Lum-A-Day 053 – The Do-or-Die Subspace Part-Time Job

Ataru wants a part time job, so Lum helps him get a job at the Asura bathhouse. Ataru’s happy with this as he thinks it will give him the chance to spy on pretty girls. In order to get to the bathhouse though, he has to enter a strange part of town. One that feels like it’s come from the pen of Shigeru Mizuki.

In many ways this feels like a dry run for Beautiful Dreamer. There’s a surreal dreamlike quality to it not to mention some specific visuals that would be used in that film (the deserted streets, the inability to see some characters faces, the elusive Chindon’ya band, characters finding themselves back where they started). In fact, without Ataru and Lum you’d could mistake this for a horror anime for much of the first 10 minutes.

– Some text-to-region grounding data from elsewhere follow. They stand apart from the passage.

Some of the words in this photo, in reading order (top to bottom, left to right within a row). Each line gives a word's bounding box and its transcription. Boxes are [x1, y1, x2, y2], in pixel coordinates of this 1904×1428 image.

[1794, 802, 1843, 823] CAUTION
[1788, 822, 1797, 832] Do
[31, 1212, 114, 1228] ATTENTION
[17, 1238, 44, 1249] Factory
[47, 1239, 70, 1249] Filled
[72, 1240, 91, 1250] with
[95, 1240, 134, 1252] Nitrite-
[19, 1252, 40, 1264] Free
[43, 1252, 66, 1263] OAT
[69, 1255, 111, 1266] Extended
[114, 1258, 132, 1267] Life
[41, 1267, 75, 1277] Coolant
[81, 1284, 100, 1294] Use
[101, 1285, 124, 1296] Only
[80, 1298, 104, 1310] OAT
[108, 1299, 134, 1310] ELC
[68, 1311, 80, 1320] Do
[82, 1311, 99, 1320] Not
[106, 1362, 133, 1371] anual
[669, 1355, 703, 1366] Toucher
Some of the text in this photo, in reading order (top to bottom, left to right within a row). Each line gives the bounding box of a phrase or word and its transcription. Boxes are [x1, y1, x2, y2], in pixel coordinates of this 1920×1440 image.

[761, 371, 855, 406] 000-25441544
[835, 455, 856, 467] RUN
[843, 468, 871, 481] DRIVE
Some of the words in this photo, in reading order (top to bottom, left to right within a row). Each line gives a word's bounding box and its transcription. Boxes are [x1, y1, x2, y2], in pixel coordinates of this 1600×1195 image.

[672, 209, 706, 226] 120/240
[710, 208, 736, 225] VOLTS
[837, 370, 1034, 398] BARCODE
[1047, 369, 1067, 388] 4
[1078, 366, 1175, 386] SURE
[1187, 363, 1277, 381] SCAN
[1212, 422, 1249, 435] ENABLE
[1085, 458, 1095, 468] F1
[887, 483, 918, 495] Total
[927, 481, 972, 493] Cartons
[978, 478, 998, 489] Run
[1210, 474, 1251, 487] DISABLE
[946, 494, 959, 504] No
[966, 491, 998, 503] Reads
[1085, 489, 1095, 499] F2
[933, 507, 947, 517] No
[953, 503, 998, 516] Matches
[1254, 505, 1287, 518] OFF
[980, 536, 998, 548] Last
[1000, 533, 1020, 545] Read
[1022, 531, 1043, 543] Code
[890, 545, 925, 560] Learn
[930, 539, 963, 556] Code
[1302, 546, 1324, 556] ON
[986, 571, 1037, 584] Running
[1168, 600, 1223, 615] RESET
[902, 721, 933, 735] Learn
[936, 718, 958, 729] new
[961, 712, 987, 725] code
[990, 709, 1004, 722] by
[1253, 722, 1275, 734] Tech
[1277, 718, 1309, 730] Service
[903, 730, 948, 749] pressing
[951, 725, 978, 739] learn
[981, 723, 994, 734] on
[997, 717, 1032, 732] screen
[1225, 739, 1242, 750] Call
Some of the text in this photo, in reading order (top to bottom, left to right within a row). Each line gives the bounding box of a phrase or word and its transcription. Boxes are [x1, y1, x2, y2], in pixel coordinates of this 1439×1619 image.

The second half however is back to the normal goofery, as Ataru discovers the bathhouse is for aliens and monsters, rather than the cute girls he thought would be here. However when Ten shows up, he learns there actually is a women’s side and that it’s not as terrifying as the men’s side. So he tries to get over to that side. Lum stops him, but when he hears Benten and Oyuki’s voices he just gets more determined. And so we are treated to lots of attempts by Ataru to get across the wall. Eventually he manages to get there, but Lum blindfolds him and he ends up making out with a statue.

Then Ten blows him up and suddenly the mood changes back to the ghost story we started with. THE END.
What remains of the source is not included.